- Given records -
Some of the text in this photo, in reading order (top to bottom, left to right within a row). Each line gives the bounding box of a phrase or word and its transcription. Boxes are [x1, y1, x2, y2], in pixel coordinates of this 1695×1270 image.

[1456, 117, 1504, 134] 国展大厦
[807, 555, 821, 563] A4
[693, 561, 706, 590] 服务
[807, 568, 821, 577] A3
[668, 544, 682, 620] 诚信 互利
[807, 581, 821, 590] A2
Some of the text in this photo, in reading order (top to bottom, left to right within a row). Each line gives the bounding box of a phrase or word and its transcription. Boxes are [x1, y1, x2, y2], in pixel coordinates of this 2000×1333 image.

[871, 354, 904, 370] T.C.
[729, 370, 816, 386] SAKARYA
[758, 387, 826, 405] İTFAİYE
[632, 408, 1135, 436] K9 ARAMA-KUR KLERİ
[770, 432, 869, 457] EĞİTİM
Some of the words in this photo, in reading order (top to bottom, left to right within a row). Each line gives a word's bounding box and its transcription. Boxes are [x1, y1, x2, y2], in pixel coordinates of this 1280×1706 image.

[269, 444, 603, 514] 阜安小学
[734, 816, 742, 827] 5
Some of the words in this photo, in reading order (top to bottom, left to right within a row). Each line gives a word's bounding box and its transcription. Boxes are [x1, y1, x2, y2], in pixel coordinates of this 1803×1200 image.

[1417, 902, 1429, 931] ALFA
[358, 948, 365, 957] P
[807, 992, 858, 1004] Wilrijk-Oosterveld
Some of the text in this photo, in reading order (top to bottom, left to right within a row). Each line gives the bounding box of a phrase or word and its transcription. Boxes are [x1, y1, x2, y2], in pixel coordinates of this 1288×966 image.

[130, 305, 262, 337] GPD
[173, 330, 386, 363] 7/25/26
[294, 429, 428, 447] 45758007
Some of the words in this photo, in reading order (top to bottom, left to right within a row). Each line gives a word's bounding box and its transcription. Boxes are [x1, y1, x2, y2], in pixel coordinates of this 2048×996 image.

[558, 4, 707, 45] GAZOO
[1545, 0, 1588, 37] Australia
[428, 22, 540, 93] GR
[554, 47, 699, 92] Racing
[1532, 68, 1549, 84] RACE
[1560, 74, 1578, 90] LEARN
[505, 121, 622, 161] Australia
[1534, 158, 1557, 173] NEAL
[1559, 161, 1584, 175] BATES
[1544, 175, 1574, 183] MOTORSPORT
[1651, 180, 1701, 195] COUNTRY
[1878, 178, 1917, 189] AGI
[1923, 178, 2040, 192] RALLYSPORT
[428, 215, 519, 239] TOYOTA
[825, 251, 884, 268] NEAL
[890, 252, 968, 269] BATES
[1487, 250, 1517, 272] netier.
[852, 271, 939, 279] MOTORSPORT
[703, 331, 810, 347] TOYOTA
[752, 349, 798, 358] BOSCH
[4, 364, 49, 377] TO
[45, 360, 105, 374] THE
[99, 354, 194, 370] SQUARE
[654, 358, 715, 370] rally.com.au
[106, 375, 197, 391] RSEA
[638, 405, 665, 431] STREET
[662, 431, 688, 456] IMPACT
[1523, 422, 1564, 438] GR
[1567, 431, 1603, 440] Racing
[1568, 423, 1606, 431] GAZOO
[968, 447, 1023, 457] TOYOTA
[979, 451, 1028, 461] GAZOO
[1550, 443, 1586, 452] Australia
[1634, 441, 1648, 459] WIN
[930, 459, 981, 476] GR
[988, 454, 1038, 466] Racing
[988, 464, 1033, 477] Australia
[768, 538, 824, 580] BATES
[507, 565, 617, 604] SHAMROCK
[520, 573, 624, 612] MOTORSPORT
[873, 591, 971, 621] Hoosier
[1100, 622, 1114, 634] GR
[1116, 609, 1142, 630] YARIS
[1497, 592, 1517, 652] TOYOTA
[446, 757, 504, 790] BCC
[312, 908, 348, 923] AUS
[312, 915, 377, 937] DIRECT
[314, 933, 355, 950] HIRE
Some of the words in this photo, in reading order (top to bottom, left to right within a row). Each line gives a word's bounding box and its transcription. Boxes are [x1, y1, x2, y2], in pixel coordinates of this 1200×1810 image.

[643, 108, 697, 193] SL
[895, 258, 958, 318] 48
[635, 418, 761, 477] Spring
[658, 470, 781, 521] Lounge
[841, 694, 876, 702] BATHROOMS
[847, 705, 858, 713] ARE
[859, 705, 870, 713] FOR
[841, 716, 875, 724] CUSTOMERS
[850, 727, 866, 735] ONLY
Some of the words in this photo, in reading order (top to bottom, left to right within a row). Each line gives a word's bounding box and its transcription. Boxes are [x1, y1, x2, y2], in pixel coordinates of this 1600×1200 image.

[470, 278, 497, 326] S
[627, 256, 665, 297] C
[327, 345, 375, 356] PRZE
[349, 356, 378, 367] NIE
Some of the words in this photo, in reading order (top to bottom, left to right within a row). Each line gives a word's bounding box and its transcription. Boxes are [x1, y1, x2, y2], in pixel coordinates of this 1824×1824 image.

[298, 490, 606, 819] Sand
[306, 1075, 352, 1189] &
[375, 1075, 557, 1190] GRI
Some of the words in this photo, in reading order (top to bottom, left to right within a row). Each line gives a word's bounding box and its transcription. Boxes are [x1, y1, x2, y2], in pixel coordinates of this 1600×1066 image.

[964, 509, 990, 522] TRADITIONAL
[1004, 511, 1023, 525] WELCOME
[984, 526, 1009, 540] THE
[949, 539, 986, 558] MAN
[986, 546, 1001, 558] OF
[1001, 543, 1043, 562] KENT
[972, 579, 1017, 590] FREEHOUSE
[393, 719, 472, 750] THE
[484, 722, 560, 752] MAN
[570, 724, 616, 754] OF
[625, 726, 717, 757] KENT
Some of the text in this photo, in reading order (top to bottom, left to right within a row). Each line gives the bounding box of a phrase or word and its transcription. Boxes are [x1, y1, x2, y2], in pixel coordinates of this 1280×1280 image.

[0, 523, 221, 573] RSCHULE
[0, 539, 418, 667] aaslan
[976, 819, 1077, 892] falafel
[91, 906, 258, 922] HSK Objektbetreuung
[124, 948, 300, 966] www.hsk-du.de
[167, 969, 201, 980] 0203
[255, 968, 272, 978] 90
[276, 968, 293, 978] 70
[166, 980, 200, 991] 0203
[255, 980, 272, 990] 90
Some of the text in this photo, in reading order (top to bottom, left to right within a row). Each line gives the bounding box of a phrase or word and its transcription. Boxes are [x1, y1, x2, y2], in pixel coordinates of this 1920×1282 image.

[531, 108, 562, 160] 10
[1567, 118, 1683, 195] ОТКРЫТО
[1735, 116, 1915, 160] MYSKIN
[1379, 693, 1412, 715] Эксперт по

- Description of the task -
Each entry, exactly as written, should be set down once more.

- Exercise response -
Some of the text in this photo, in reading order (top to bottom, left to right within a row). Each line gives the bounding box of a phrase or word and its transcription. Boxes are [x1, y1, x2, y2], in pixel coordinates of this 1695×1270 image.

[1456, 117, 1504, 134] 国展大厦
[807, 555, 821, 563] A4
[693, 561, 706, 590] 服务
[807, 568, 821, 577] A3
[668, 544, 682, 620] 诚信 互利
[807, 581, 821, 590] A2
Some of the text in this photo, in reading order (top to bottom, left to right within a row). Each line gives the bounding box of a phrase or word and its transcription. Boxes are [x1, y1, x2, y2], in pixel coordinates of this 2000×1333 image.

[871, 354, 904, 370] T.C.
[729, 370, 816, 386] SAKARYA
[758, 387, 826, 405] İTFAİYE
[632, 408, 1135, 436] K9 ARAMA-KUR KLERİ
[770, 432, 869, 457] EĞİTİM
Some of the words in this photo, in reading order (top to bottom, left to right within a row). Each line gives a word's bounding box and its transcription. Boxes are [x1, y1, x2, y2], in pixel coordinates of this 1280×1706 image.

[269, 444, 603, 514] 阜安小学
[734, 816, 742, 827] 5
Some of the words in this photo, in reading order (top to bottom, left to right within a row). Each line gives a word's bounding box and its transcription. Boxes are [x1, y1, x2, y2], in pixel coordinates of this 1803×1200 image.

[1417, 902, 1429, 931] ALFA
[358, 948, 365, 957] P
[807, 992, 858, 1004] Wilrijk-Oosterveld
Some of the text in this photo, in reading order (top to bottom, left to right within a row). Each line gives the bounding box of a phrase or word and its transcription. Boxes are [x1, y1, x2, y2], in pixel coordinates of this 1288×966 image.

[130, 305, 262, 337] GPD
[173, 330, 386, 363] 7/25/26
[294, 429, 428, 447] 45758007
Some of the words in this photo, in reading order (top to bottom, left to right within a row). Each line gives a word's bounding box and its transcription. Boxes are [x1, y1, x2, y2], in pixel coordinates of this 2048×996 image.

[558, 4, 707, 45] GAZOO
[1545, 0, 1588, 37] Australia
[428, 22, 540, 93] GR
[554, 47, 699, 92] Racing
[1532, 68, 1549, 84] RACE
[1560, 74, 1578, 90] LEARN
[505, 121, 622, 161] Australia
[1534, 158, 1557, 173] NEAL
[1559, 161, 1584, 175] BATES
[1544, 175, 1574, 183] MOTORSPORT
[1651, 180, 1701, 195] COUNTRY
[1878, 178, 1917, 189] AGI
[1923, 178, 2040, 192] RALLYSPORT
[428, 215, 519, 239] TOYOTA
[825, 251, 884, 268] NEAL
[890, 252, 968, 269] BATES
[1487, 250, 1517, 272] netier.
[852, 271, 939, 279] MOTORSPORT
[703, 331, 810, 347] TOYOTA
[752, 349, 798, 358] BOSCH
[4, 364, 49, 377] TO
[45, 360, 105, 374] THE
[99, 354, 194, 370] SQUARE
[654, 358, 715, 370] rally.com.au
[106, 375, 197, 391] RSEA
[638, 405, 665, 431] STREET
[662, 431, 688, 456] IMPACT
[1523, 422, 1564, 438] GR
[1567, 431, 1603, 440] Racing
[1568, 423, 1606, 431] GAZOO
[968, 447, 1023, 457] TOYOTA
[979, 451, 1028, 461] GAZOO
[1550, 443, 1586, 452] Australia
[1634, 441, 1648, 459] WIN
[930, 459, 981, 476] GR
[988, 454, 1038, 466] Racing
[988, 464, 1033, 477] Australia
[768, 538, 824, 580] BATES
[507, 565, 617, 604] SHAMROCK
[520, 573, 624, 612] MOTORSPORT
[873, 591, 971, 621] Hoosier
[1100, 622, 1114, 634] GR
[1116, 609, 1142, 630] YARIS
[1497, 592, 1517, 652] TOYOTA
[446, 757, 504, 790] BCC
[312, 908, 348, 923] AUS
[312, 915, 377, 937] DIRECT
[314, 933, 355, 950] HIRE
Some of the words in this photo, in reading order (top to bottom, left to right within a row). Each line gives a word's bounding box and its transcription. Boxes are [x1, y1, x2, y2], in pixel coordinates of this 1200×1810 image.

[643, 108, 697, 193] SL
[895, 258, 958, 318] 48
[635, 418, 761, 477] Spring
[658, 470, 781, 521] Lounge
[841, 694, 876, 702] BATHROOMS
[847, 705, 858, 713] ARE
[859, 705, 870, 713] FOR
[841, 716, 875, 724] CUSTOMERS
[850, 727, 866, 735] ONLY
Some of the words in this photo, in reading order (top to bottom, left to right within a row). Each line gives a word's bounding box and its transcription. Boxes are [x1, y1, x2, y2], in pixel coordinates of this 1600×1200 image.

[470, 278, 497, 326] S
[627, 256, 665, 297] C
[327, 345, 375, 356] PRZE
[349, 356, 378, 367] NIE
Some of the words in this photo, in reading order (top to bottom, left to right within a row). Each line gives a word's bounding box and its transcription. Boxes are [x1, y1, x2, y2], in pixel coordinates of this 1824×1824 image.

[298, 490, 606, 819] Sand
[306, 1075, 352, 1189] &
[375, 1075, 557, 1190] GRI
Some of the words in this photo, in reading order (top to bottom, left to right within a row). Each line gives a word's bounding box and its transcription. Boxes are [x1, y1, x2, y2], in pixel coordinates of this 1600×1066 image.

[964, 509, 990, 522] TRADITIONAL
[1004, 511, 1023, 525] WELCOME
[984, 526, 1009, 540] THE
[949, 539, 986, 558] MAN
[986, 546, 1001, 558] OF
[1001, 543, 1043, 562] KENT
[972, 579, 1017, 590] FREEHOUSE
[393, 719, 472, 750] THE
[484, 722, 560, 752] MAN
[570, 724, 616, 754] OF
[625, 726, 717, 757] KENT
Some of the text in this photo, in reading order (top to bottom, left to right within a row). Each line gives the bounding box of a phrase or word and its transcription. Boxes are [x1, y1, x2, y2], in pixel coordinates of this 1280×1280 image.

[0, 523, 221, 573] RSCHULE
[0, 539, 418, 667] aaslan
[976, 819, 1077, 892] falafel
[91, 906, 258, 922] HSK Objektbetreuung
[124, 948, 300, 966] www.hsk-du.de
[167, 969, 201, 980] 0203
[255, 968, 272, 978] 90
[276, 968, 293, 978] 70
[166, 980, 200, 991] 0203
[255, 980, 272, 990] 90
Some of the text in this photo, in reading order (top to bottom, left to right within a row). Each line gives the bounding box of a phrase or word and its transcription. Boxes are [x1, y1, x2, y2], in pixel coordinates of this 1920×1282 image.

[531, 108, 562, 160] 10
[1567, 118, 1683, 195] ОТКРЫТО
[1735, 116, 1915, 160] MYSKIN
[1379, 693, 1412, 715] Эксперт по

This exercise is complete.